## TASK BRIEF
From the first line to the last, restate the material word for word, omitting pictures.

## SUPPLIED RECORDS
<<<<
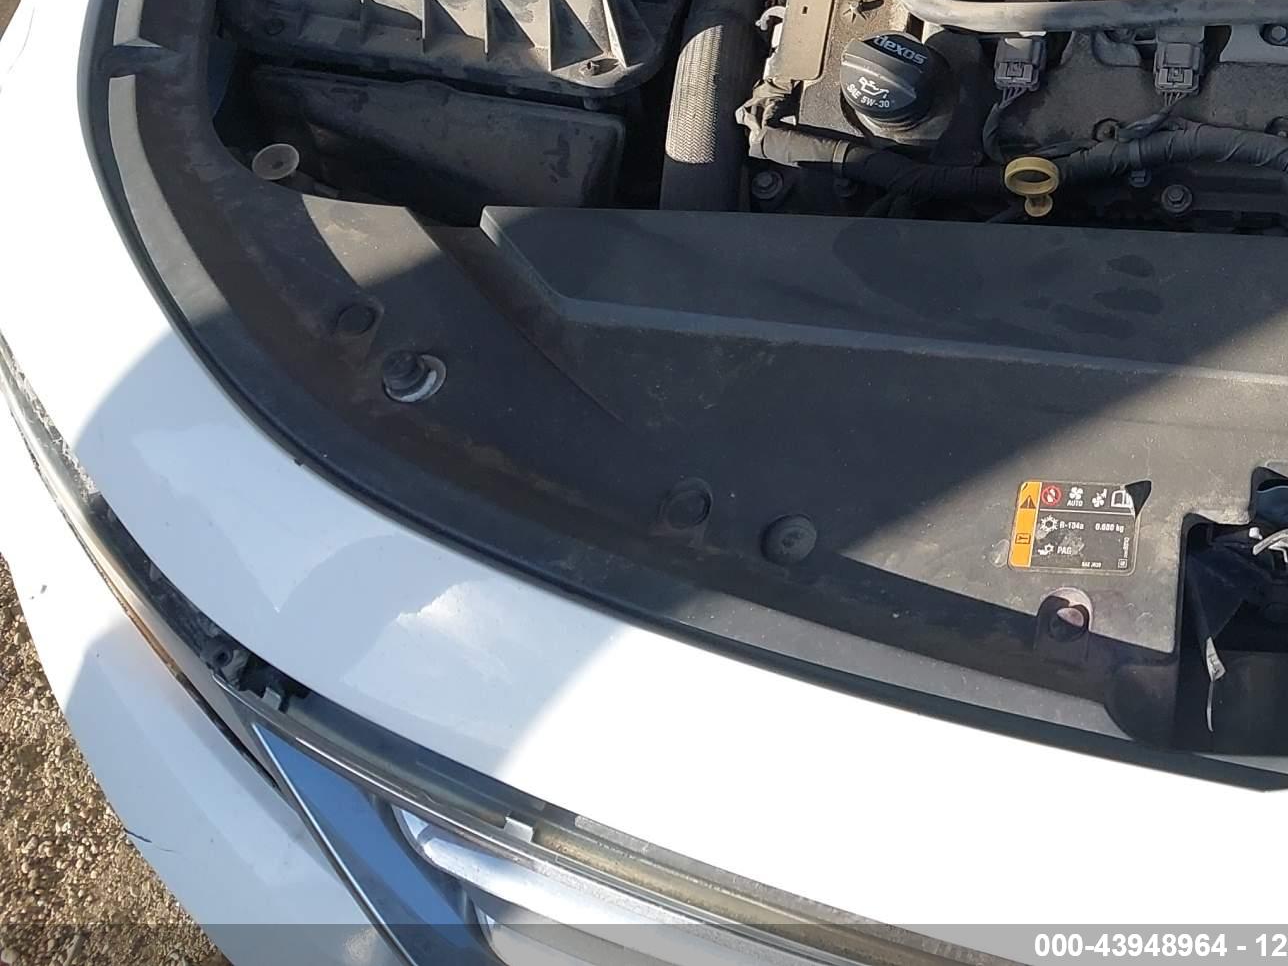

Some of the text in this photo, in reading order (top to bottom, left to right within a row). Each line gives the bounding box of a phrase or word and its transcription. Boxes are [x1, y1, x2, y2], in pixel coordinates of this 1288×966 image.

[873, 35, 928, 65] dexos
[846, 83, 890, 109] SAE 5W-30
[1057, 546, 1072, 555] PAG
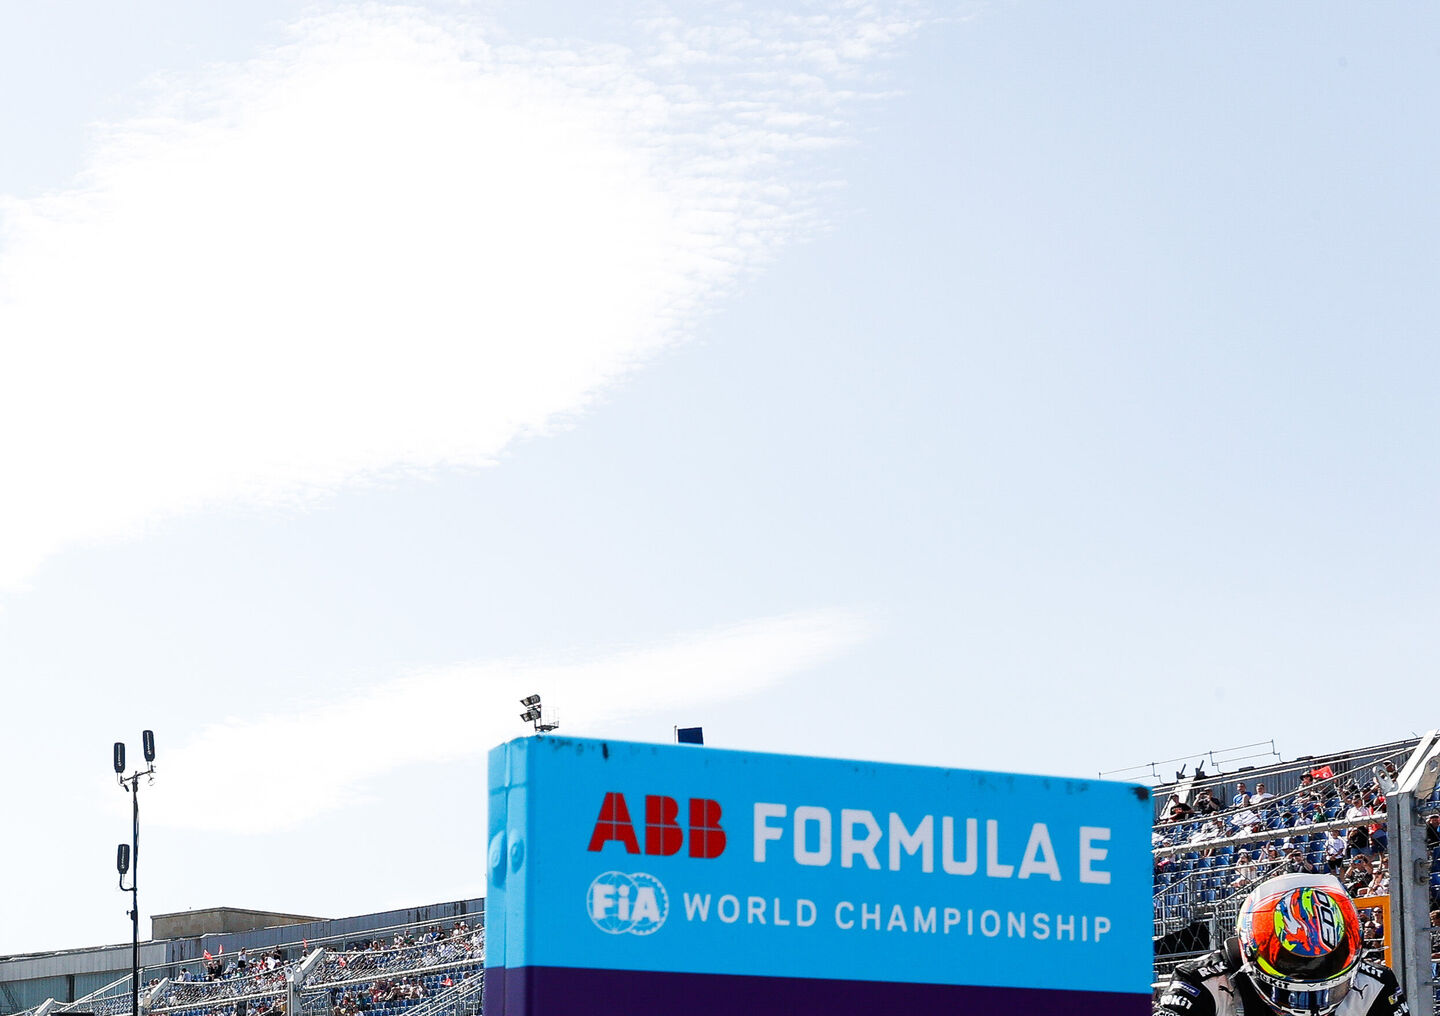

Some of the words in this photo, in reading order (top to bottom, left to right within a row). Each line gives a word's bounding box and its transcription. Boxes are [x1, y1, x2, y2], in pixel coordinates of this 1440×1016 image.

[586, 791, 727, 860] ABB
[752, 802, 1062, 883] FORMULA
[1078, 825, 1112, 886] E
[683, 892, 818, 928] WORLD
[834, 900, 1113, 944] CHAMPIONSHIP
>>>>
## RESPONSE AREA
Some of the text in this photo, in reading order (top to bottom, left to right within a row). Each line gives the bounding box of a phrase or word and its transcription. Boxes are [x1, y1, x2, y2], in pixel coordinates of this 1288×966 image.

[873, 35, 928, 65] dexos
[846, 83, 890, 109] SAE 5W-30
[1057, 546, 1072, 555] PAG

Some of the words in this photo, in reading order (top to bottom, left to right within a row). Each line gives a word's bounding box and its transcription. Boxes are [x1, y1, x2, y2], in pixel coordinates of this 1440×1016 image.

[586, 791, 727, 860] ABB
[752, 802, 1062, 883] FORMULA
[1078, 825, 1112, 886] E
[683, 892, 818, 928] WORLD
[834, 900, 1113, 944] CHAMPIONSHIP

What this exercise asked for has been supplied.